Spatial localization data:
┄┄┄┄┄┄

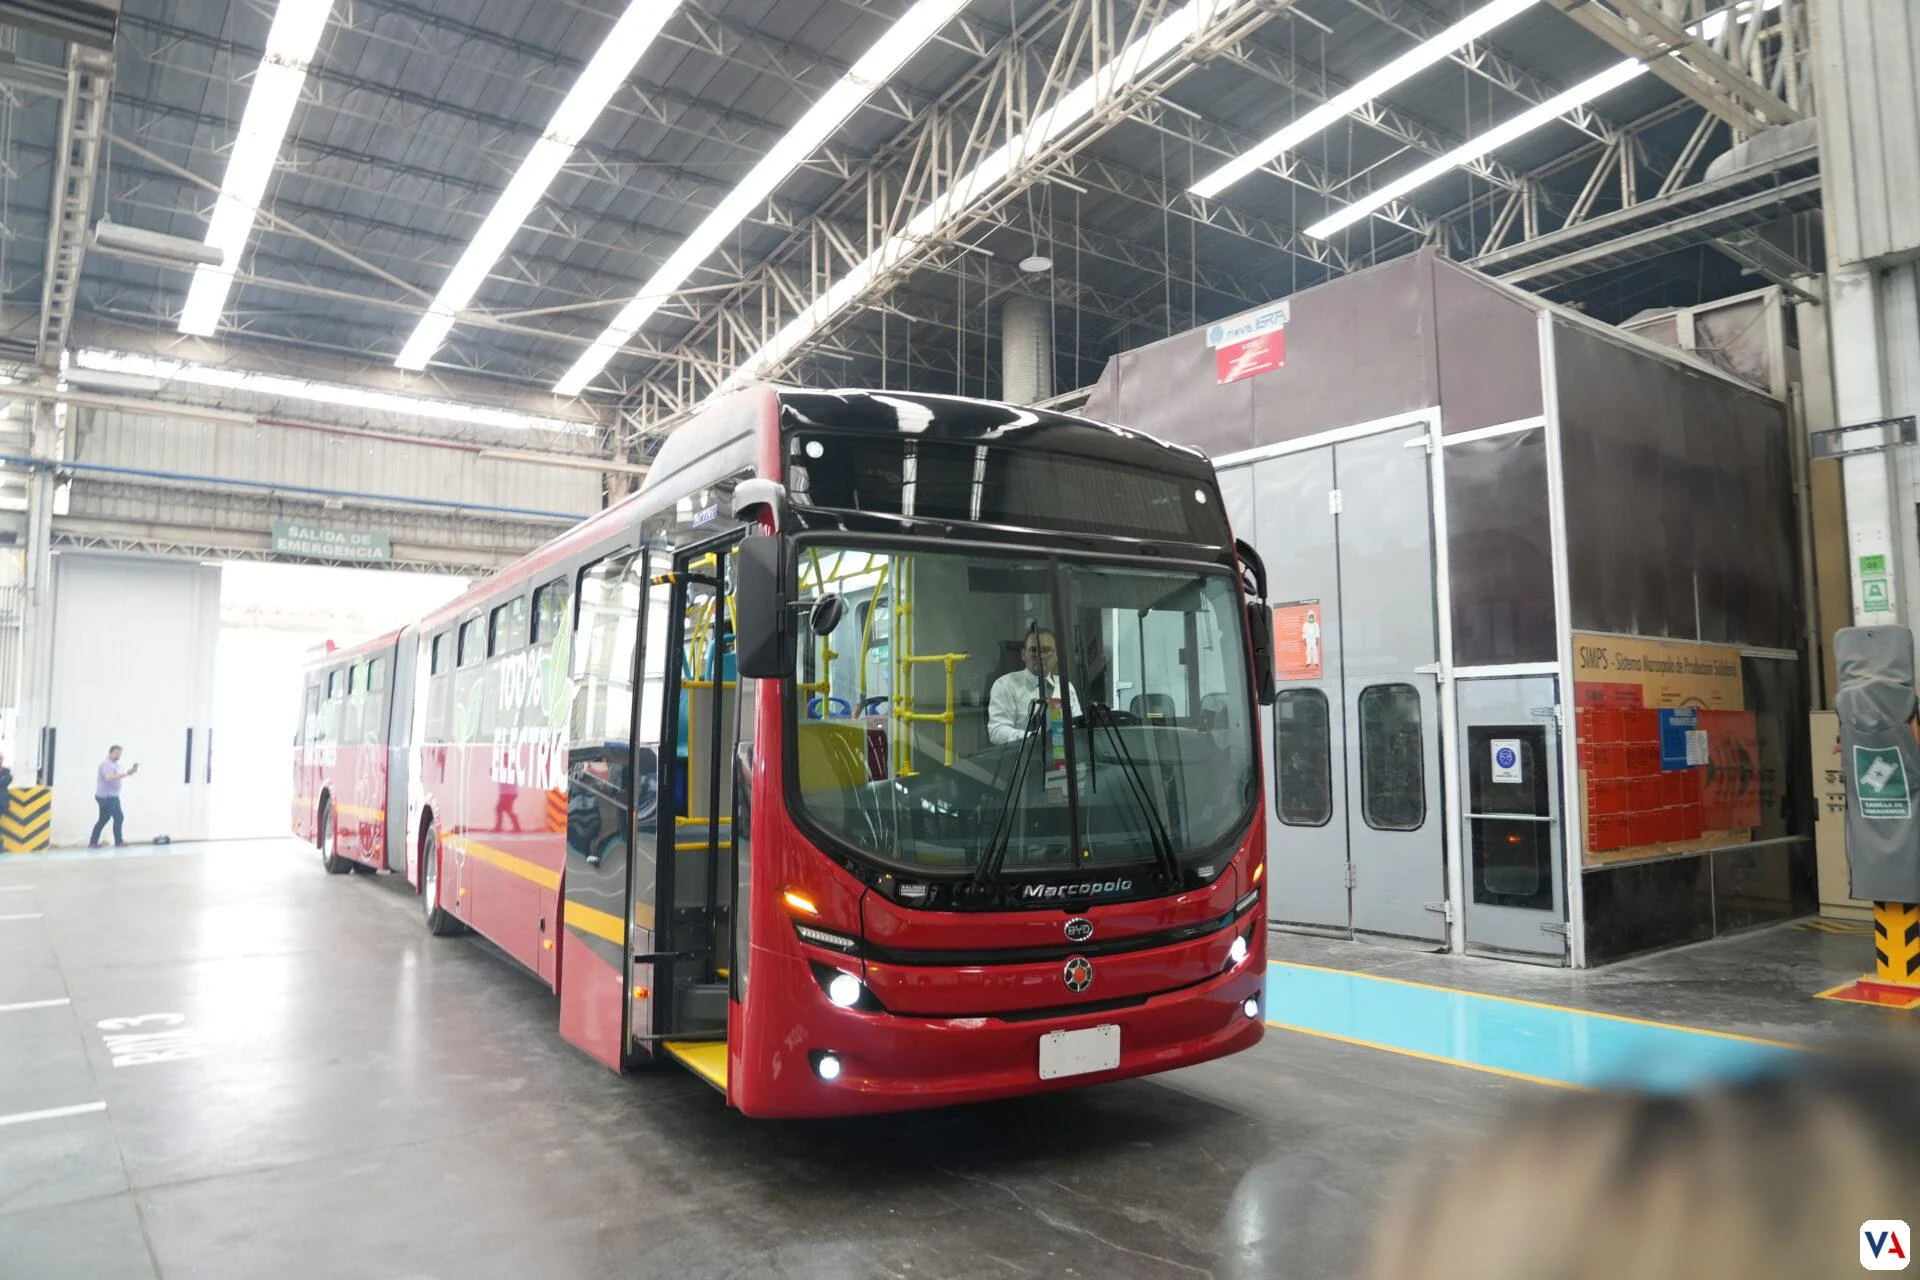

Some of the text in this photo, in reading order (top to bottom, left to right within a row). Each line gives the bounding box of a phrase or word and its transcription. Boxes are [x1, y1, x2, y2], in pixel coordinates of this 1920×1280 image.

[287, 526, 373, 546] SALIDA DE
[277, 538, 384, 558] EMERGENCIA
[1580, 646, 1608, 670] SIMPS
[499, 646, 544, 711] 100%
[1022, 878, 1133, 898] Marcopolo
[1067, 924, 1091, 936] BYD
[96, 1012, 187, 1031] 3
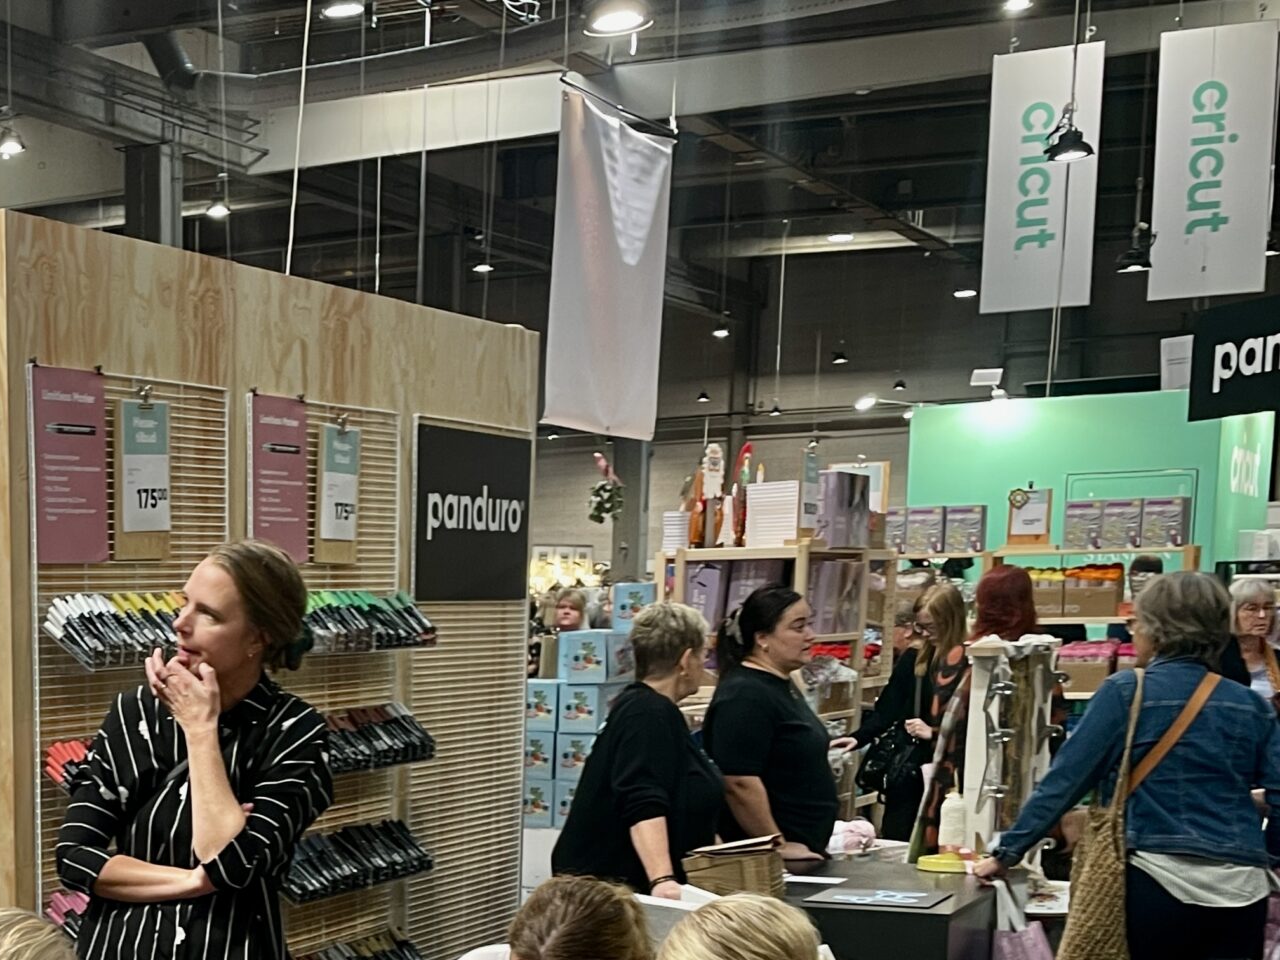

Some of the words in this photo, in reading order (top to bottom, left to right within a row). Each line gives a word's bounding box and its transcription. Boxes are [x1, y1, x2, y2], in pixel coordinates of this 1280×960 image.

[1014, 102, 1056, 251] cricut
[1184, 80, 1239, 235] cricut
[426, 485, 521, 540] panduro
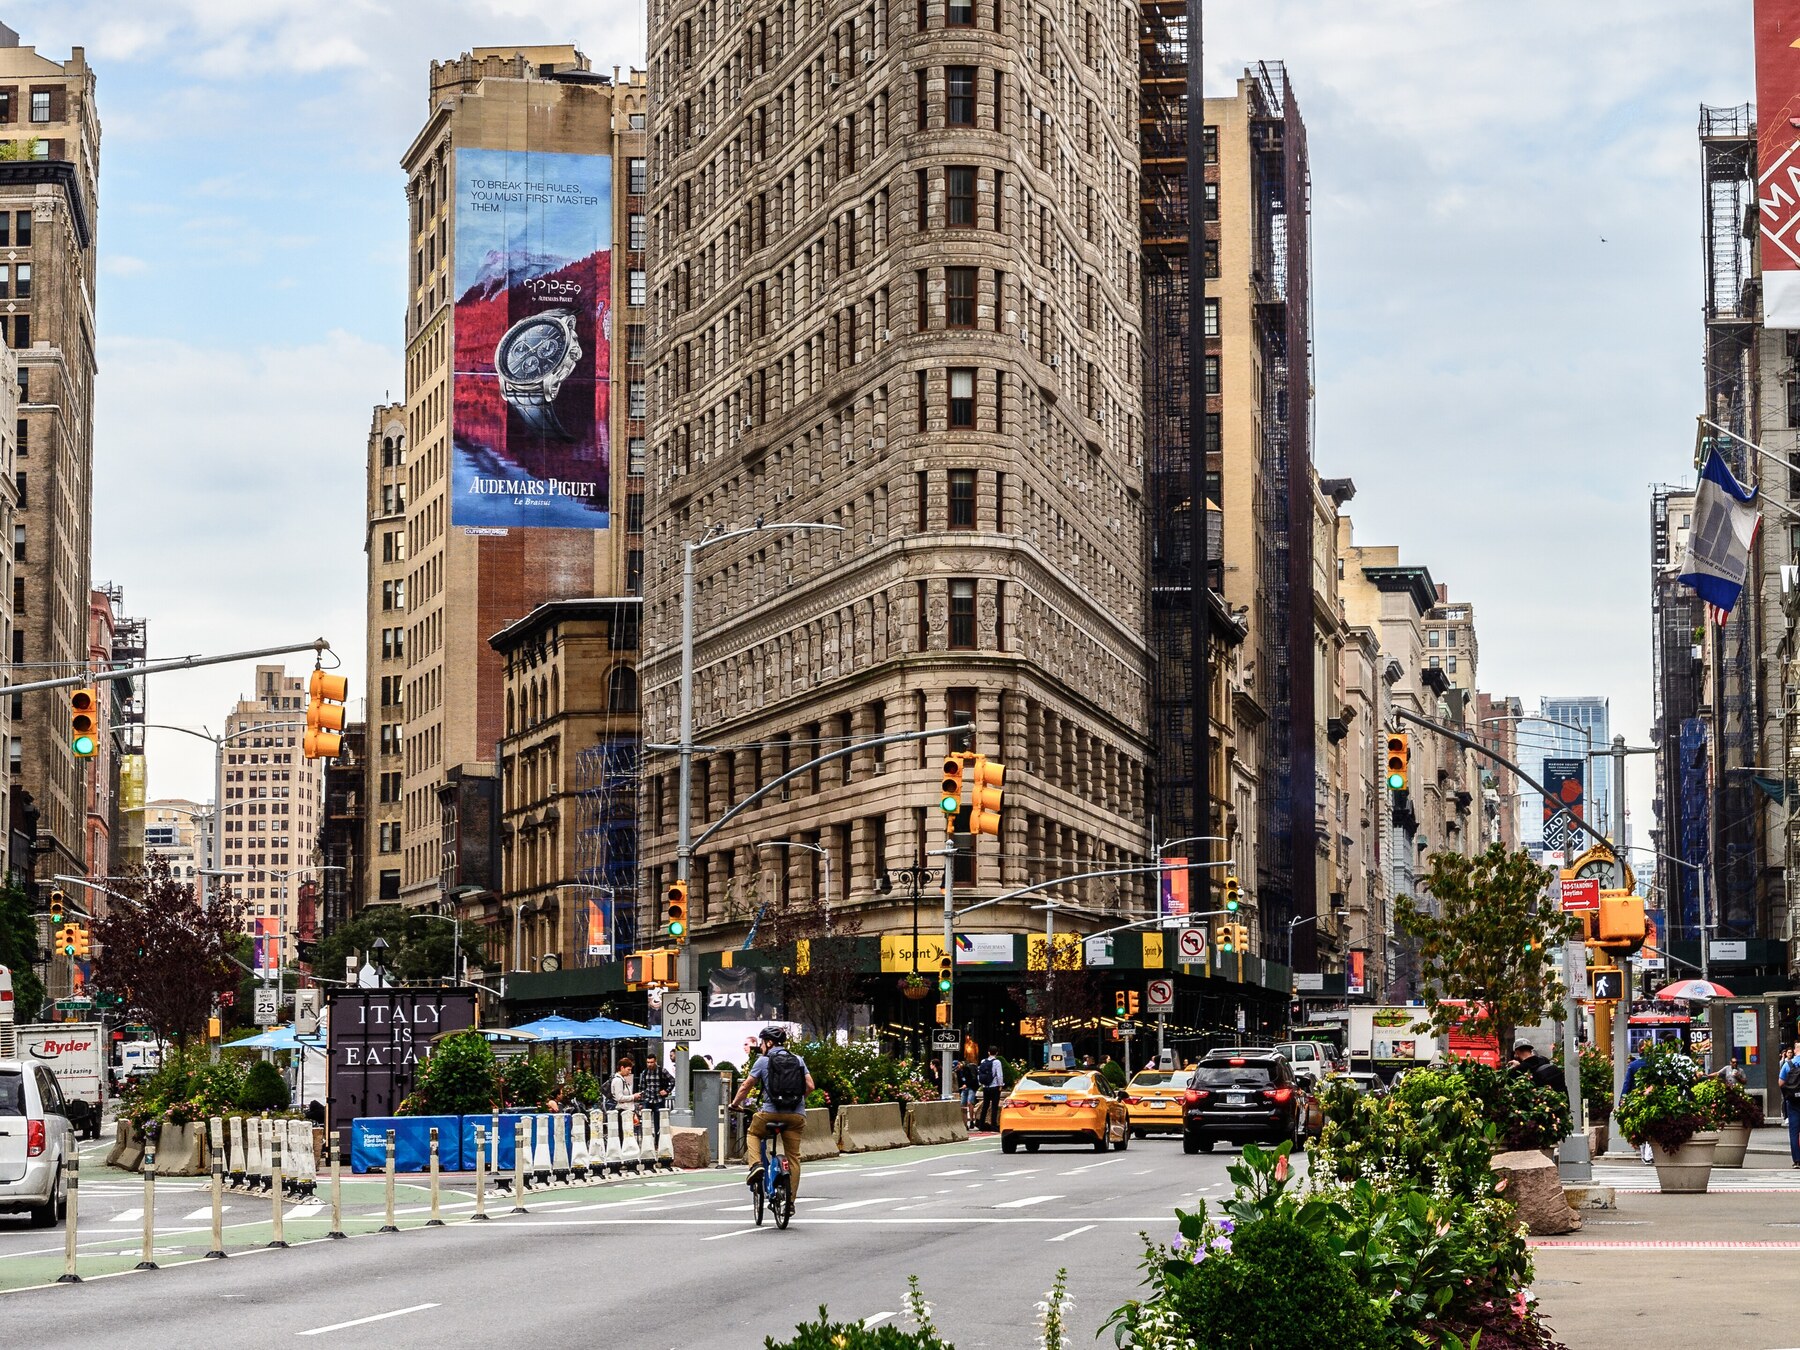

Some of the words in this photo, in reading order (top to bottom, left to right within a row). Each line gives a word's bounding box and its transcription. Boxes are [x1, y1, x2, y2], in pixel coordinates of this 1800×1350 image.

[471, 180, 486, 189] TO
[487, 181, 522, 190] BREAK
[524, 182, 544, 192] THE
[546, 184, 582, 194] RULES,
[471, 191, 493, 200] YOU
[495, 192, 524, 202] MUST
[526, 194, 554, 204] FIRST
[556, 196, 598, 206] MASTER
[471, 202, 502, 212] THEM.
[468, 476, 545, 496] AUDEMARS
[548, 478, 596, 497] PIGUET
[514, 498, 523, 506] Le
[524, 498, 552, 506] Brassus
[1714, 565, 1741, 582] COMPANY
[1544, 817, 1563, 838] MAD
[1144, 946, 1157, 958] Sprint
[258, 1003, 275, 1013] 25
[358, 1005, 447, 1024] ITALY
[670, 1019, 693, 1027] LANE
[393, 1028, 412, 1042] IS
[44, 1040, 91, 1054] Ryder

┄┄┄┄┄┄

■ **WORK TASK**:
What is wanted is the line containing "this 1800×1350 image." and every line after it through the last line of the entries, printed exactly.

■ **EXERCISE RESPONSE**:
Some of the words in this photo, in reading order (top to bottom, left to right within a row). Each line gives a word's bounding box and its transcription. Boxes are [x1, y1, x2, y2], in pixel coordinates of this 1800×1350 image.

[471, 180, 486, 189] TO
[487, 181, 522, 190] BREAK
[524, 182, 544, 192] THE
[546, 184, 582, 194] RULES,
[471, 191, 493, 200] YOU
[495, 192, 524, 202] MUST
[526, 194, 554, 204] FIRST
[556, 196, 598, 206] MASTER
[471, 202, 502, 212] THEM.
[468, 476, 545, 496] AUDEMARS
[548, 478, 596, 497] PIGUET
[514, 498, 523, 506] Le
[524, 498, 552, 506] Brassus
[1714, 565, 1741, 582] COMPANY
[1544, 817, 1563, 838] MAD
[1144, 946, 1157, 958] Sprint
[258, 1003, 275, 1013] 25
[358, 1005, 447, 1024] ITALY
[670, 1019, 693, 1027] LANE
[393, 1028, 412, 1042] IS
[44, 1040, 91, 1054] Ryder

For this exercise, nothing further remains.